Rotary Knob For Electrical System

Abstract

The invention concerns a rotary knob for an electrical system, whereof the body (10) contains a rotary maneuvering member (20) which actuates a cam-driving part (50) and bears one or several electrical units. A cup (15) is defined between an outer cylindrical flange (12) of the body (10) and an inner cylindrical sleeve (13) and contains a spring either of the helical type (R) for urging a sliding ring (30) separate from the driving part (50), or of the torsion type (R′) to return the maneuvering member. The ring (30) provides a sensitivity function through its adapted shapes. The cylindrical sleeve (13) defines in its central opening a centering seat (23) of the shank (22) of the maneuvering member.

Description

The present invention relates to a rotary knob for an electrical system, comprising a body on which can be mounted a rotary maneuvering member, in particular a hand grip or a rotor controlled by a key, and of housing a driving part for switching contacts.

In such a rotary knob, the maneuvering member is provided with a shank for moving the driving part, and the body also serves as a support for at least one electrical contact block, switchable in response to the rotation of the maneuvering member via at least one axially moving slider. The maneuvering member is mounted on the body such that it rotates about an axis with a limited angular movement, in order to assume at least two functional positions, maintained or transitory. Rotary knobs of this type are well known (see for example the documents DE 34 12 518 and DE 35 41 390). The maneuvering member is locked in rotation with a driving part having a cam able to actuate the slider or sliders and the body is able to receive the hand grip in a fluid-tight manner, to serve as a support for the electrical blocks and to house the driving part and the sliders.

These knobs sometimes have the disadvantage that, although the maneuvering member is placed in one of its functional positions, a slight force applied to that member can suffice to make a notch of the cam jump and to drive the knob in an inopportune manner.

The purpose of the invention, in a rotary knob of the type described, is to overcome the disadvantages of the prior art by proposing a knob providing satisfactory guidance of the rotary part using means conferring the knob with minimal dimensions, in particular height, and facilitating assembly.

Another purpose of the invention is to propose means making it possible to improve the fluid-tightness of such knobs.

According to the invention, the body of the knob has a recessed part provided with an external cylindrical flange, an internal cylindrical sleeve, and a cup defined between the flange and the sleeve for housing a helical spring acting on a sensitivity ring separate from the driving part and movable in translation or, respectively, a torsion spring acting on the maneuvering member, and the cylindrical sleeve defines a central opening with which a centering seat of the shank of the maneuvering member cooperates. The arrangement resulting form this provides the sought sensitivity whilst maintaining small dimensions.
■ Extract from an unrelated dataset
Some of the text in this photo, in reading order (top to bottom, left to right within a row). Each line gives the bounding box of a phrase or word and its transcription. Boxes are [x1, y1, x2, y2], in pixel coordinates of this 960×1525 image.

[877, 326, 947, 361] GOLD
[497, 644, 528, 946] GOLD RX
In order to achieve an excellent centering at the level of the sleeve, the shank of the maneuvering member and the driving part can each have a cylindrical seat ensuring the centering, in the central opening of the sleeve, of the rotary equipment consisting of the maneuvering member and the driving part.
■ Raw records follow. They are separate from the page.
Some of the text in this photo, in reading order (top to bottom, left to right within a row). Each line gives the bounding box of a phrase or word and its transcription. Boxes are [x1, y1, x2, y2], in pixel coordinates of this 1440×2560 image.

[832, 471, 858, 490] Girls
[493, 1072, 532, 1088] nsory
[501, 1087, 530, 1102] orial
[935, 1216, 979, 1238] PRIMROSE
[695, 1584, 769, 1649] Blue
In order to facilitate the assembly of the knob, the driving part can be mounted by means of interlocking shapes on the shank of the maneuvering member and provide a shoulder connected to its seat for being applied axially against a bearing face of the body.

When the spring is a compression spring, the cup preferably also houses the sensitivity ring, and the ring:

• • is separate from the driving part, and is coaxial with the maneuvering member and movable in translation,
  • has a diametral size corresponding to that of the cup, and
  • cooperates with the maneuvering member by means of cam shapes provided on their respective peripheries and provided with notches corresponding to the functional positions of the knob.

The rotary equipment, formed by the shank of the maneuvering member and the driving part, can carry a lip seal of small diameter which cooperates in rotation with the central opening of the cylindrical sleeve substantially at the level of the cup.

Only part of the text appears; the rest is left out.